Hello true believers, non-believers and all others in between. Optimous Douche here. Dynamite Entertainment recently unveiled their plans to release a new series of TWILIGHT ZONE comics penned by none other than past show writer J. Michael Straczynski. I recently had the opportunity to popcorn a few questions off of JMS during the week of San Diego Comic Con, and while the project is still in its infancy, Joe was willing to share a few morsels about what’s to come when the floating door finally opens.

OPTIMOUS DOUCHE (OD): This isn’t your first time playing with Serling’s brainchild. How did you come about writing for the NEW TWILIGHT ZONE back in the 80′s?

J MICHAEL STRACZYNSKI (JMS): Before TWILIGHT ZONE, I’d primarily been an animation writer. I had no live-action TV credits. But having grown up a massive fan of the Zone, I was desperate to write for them, so I wrote a spec that — despite some opposition from a few folks there, for the very reason that I was an animation writer then and there was a lot of prejudice about that – got me in to pitch some stories. One of them hit, I got the assignment, and we shot the episode. A couple years later, MGM and CBS decided to commission another 30 half-hour episodes to fill out the syndication package, and I was hired as story editor — later, executive story editor — by executive producer Mark Shelmerdine, head of London Films.

I loved working with Mark because he gave me absolute and total freedom to write whatever I wanted, and was willing to go toe-to-toe with studio execs who at times wanted to chip away the corners of the stories I and others were trying to tell. To this day it remains one of the most salutary experiences of my writing career, so the chance to go back and revisit that storytelling universe is ridiculously appealing.

OD: You’re known most for your original creations; how do you approach writing such a venerated property versus your own ideas?

JMS: With one’s own ideas, you do have an element of recklessness, which is sometimes a good thing. You have the option of burning down the house if you so choose, an option that doesn’t exist when it’s someone else’s house. But in the case of TWILIGHT ZONE, there’s not a single standing house, it’s all about telling character-based stories that, with luck and hard work, will take us somewhere we haven’t gone before.

OD: Will the comic stories be ripped straight from the original show, new stories, or somewhere in between?

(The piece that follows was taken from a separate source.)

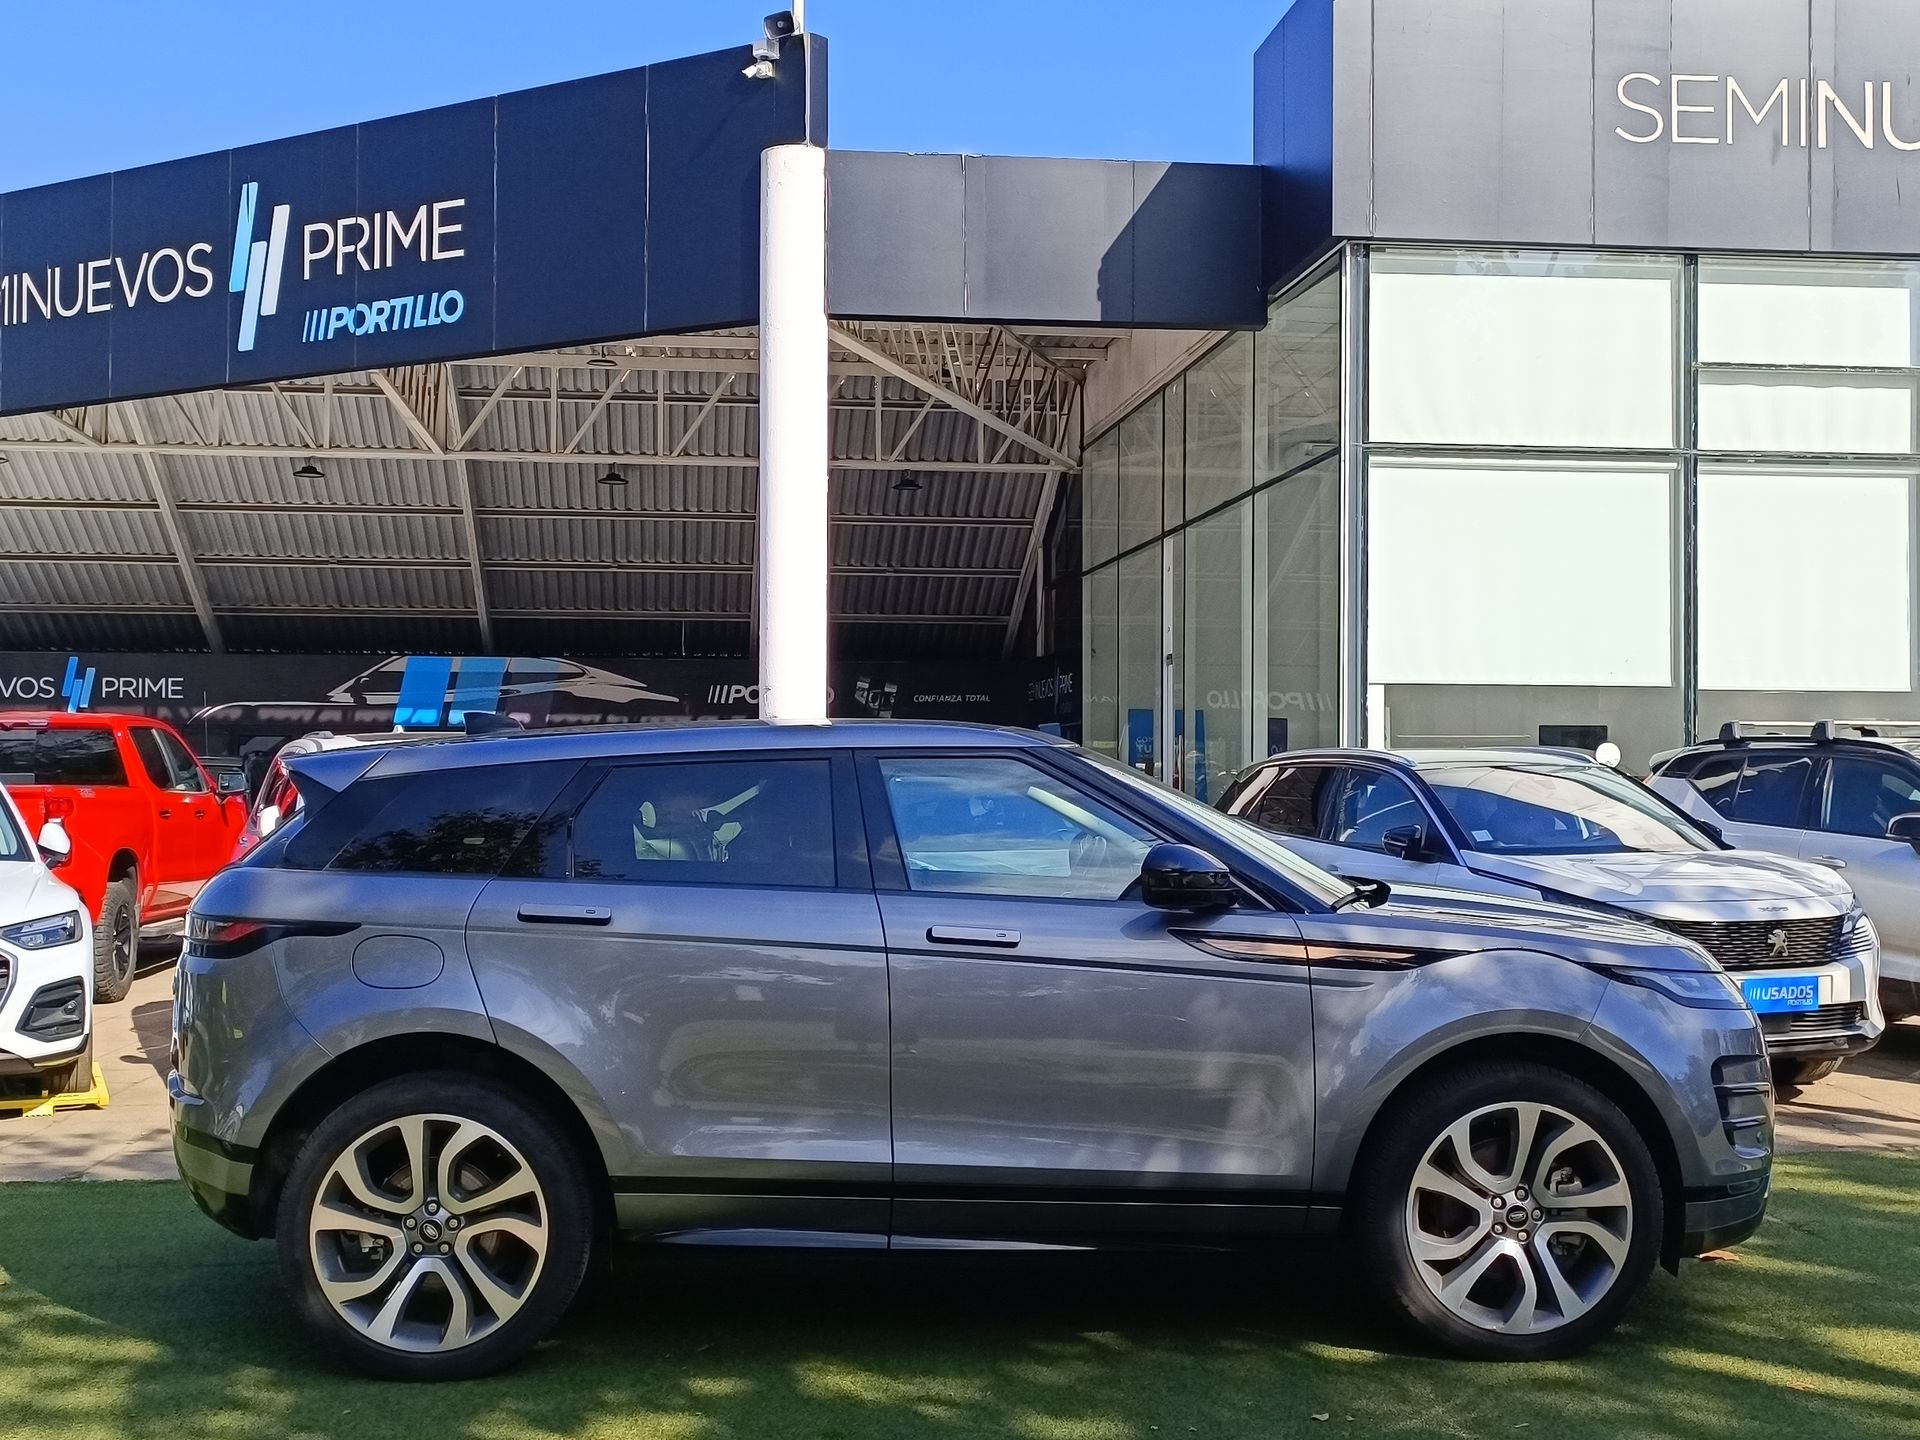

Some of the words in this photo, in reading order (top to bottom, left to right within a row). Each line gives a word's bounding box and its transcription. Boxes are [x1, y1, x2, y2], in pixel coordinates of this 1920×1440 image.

JMS: I’m doing just the initial 12 issue run, comprised of three four-issue arcs that seem totally separate at first but then begin to merge into a much broader narrative structure that eventually turns back on itself. Thematically, it’s very much in line with the kinds of stories that the original Zone told, but obviously done from a modern perspective. Serling’s work was about the human heart silhouetted against extraordinary circumstances, and what those circumstances ultimately reveal about who and what we are at our innermost core. So that’s the target I’m hoping to hit with these issues.

OD: Agreed on the reflection of humanity, but another quintessential element to TZ were the “twists” (which I almost hate saying since Shamalamadingdong has now made it a dirty word). Can we expect those kind of pig noses under the surgical masks at the end of each issue or each arc?

JMS: Much has always been made in the press about the twist or snap endings of the original Zone episodes, but only a relatively small percentage were as blatant as the example cited above. Most times they grew organically out of the main story rather than being a surprise (such as “The Monsters Are Due on Maple Street”), and sometimes there was no twist ending at all. The emphasis I think was more on irony than a twist, per se (“Time Enough at Last” being a good example.)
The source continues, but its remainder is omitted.